WORK ORDER:
From the line with "this 1125×1500 image." through the final line below, restate each line word for word and return nothing else.
===== RECORDS =====
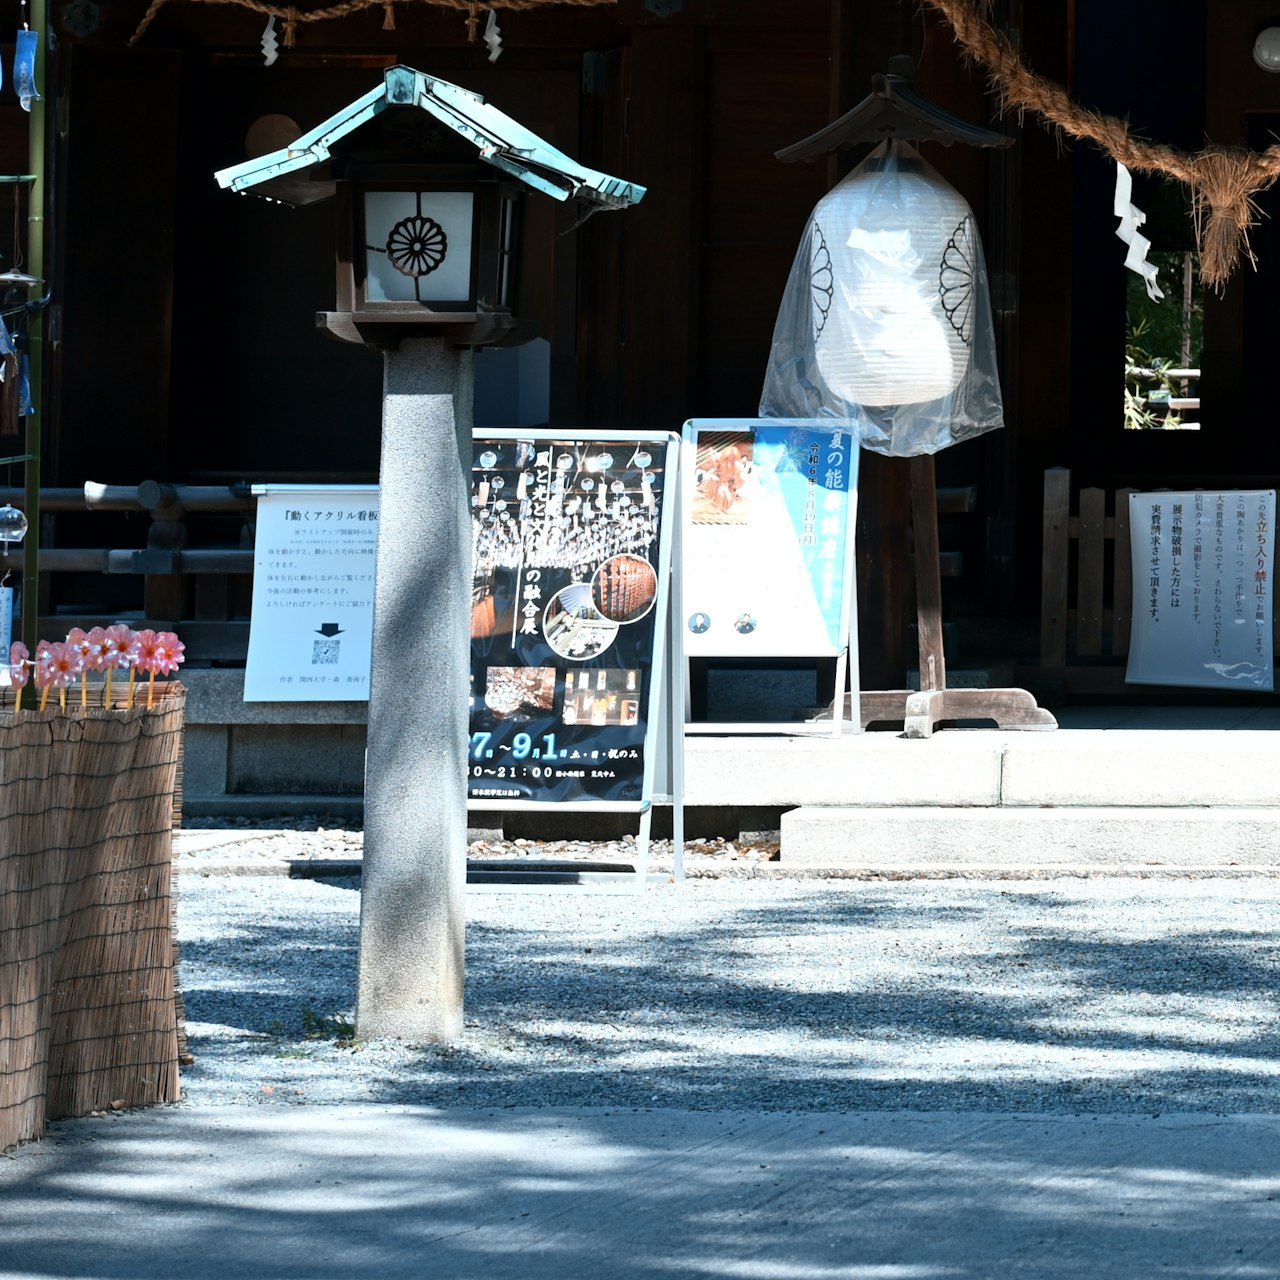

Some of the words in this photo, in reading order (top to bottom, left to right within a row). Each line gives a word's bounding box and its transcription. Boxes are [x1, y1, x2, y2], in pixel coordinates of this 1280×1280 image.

[1149, 504, 1162, 623] 実費請求させて頂きます。
[1171, 504, 1183, 608] 展示物破損した方には
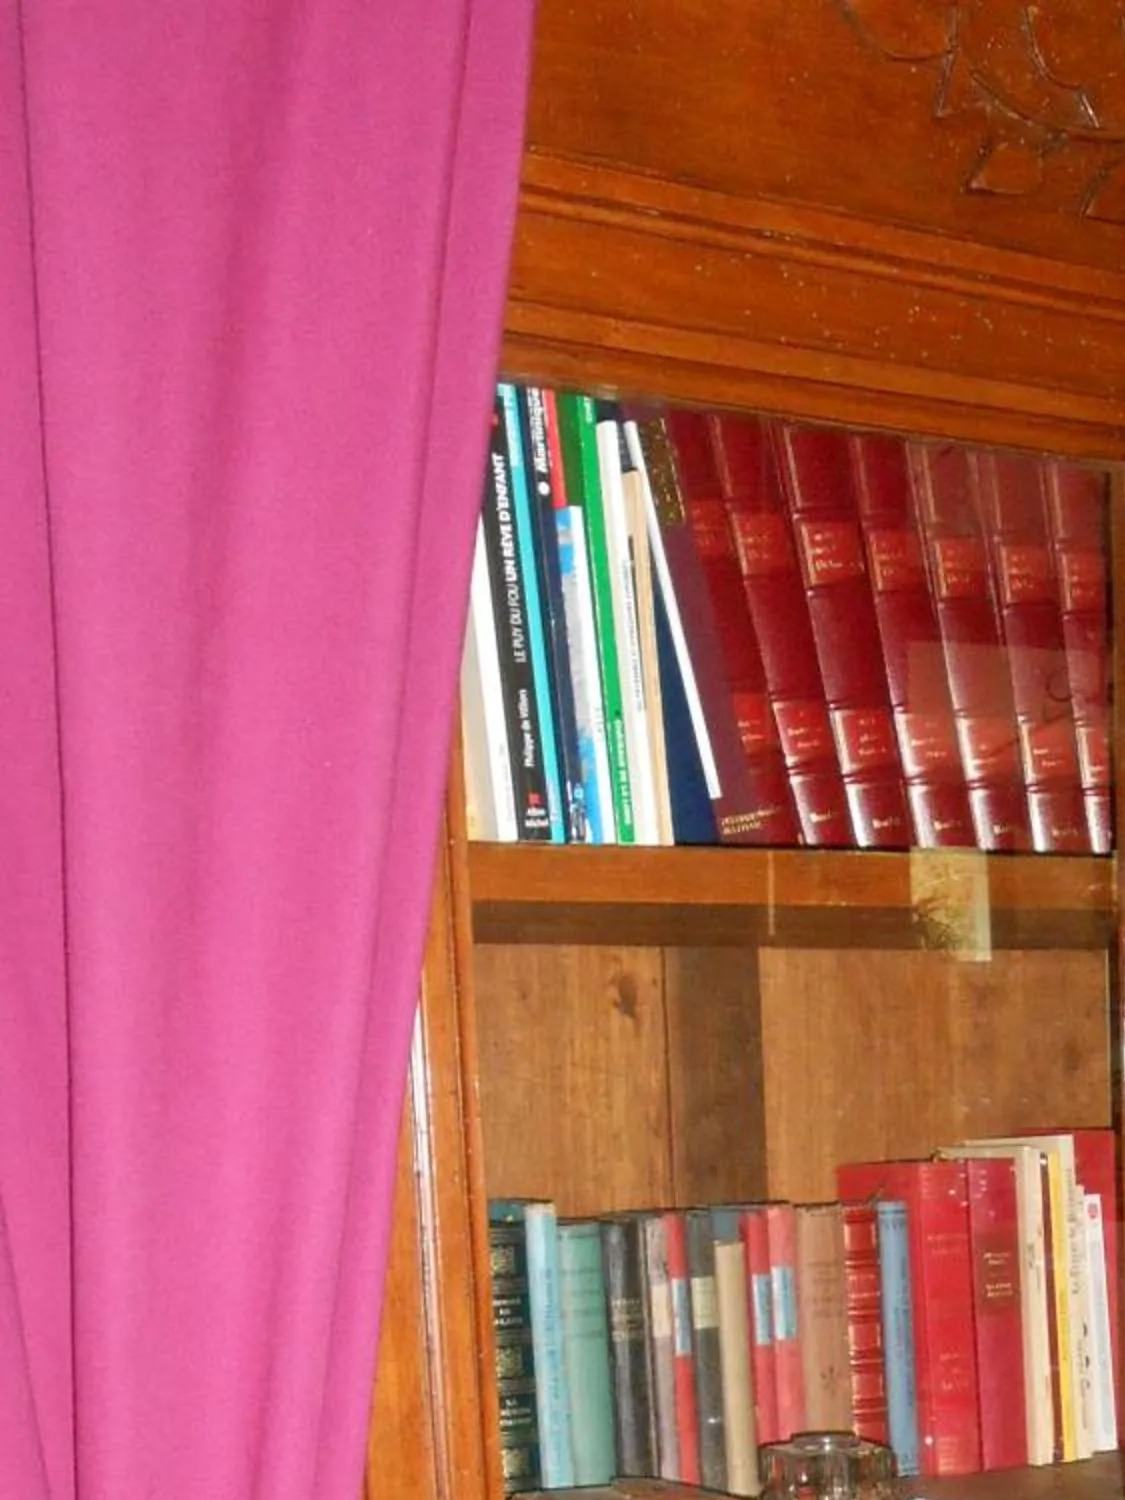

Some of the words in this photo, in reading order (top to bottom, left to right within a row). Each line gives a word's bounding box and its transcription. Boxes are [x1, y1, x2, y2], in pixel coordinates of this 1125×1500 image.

[503, 558, 518, 583] UN
[507, 584, 520, 606] FOU
[509, 608, 523, 626] DU
[511, 626, 525, 649] PUY
[513, 649, 527, 664] LE
=====
COMPLETED TASK:
Some of the words in this photo, in reading order (top to bottom, left to right within a row). Each line gives a word's bounding box and its transcription. Boxes are [x1, y1, x2, y2], in pixel coordinates of this 1125×1500 image.

[503, 558, 518, 583] UN
[507, 584, 520, 606] FOU
[509, 608, 523, 626] DU
[511, 626, 525, 649] PUY
[513, 649, 527, 664] LE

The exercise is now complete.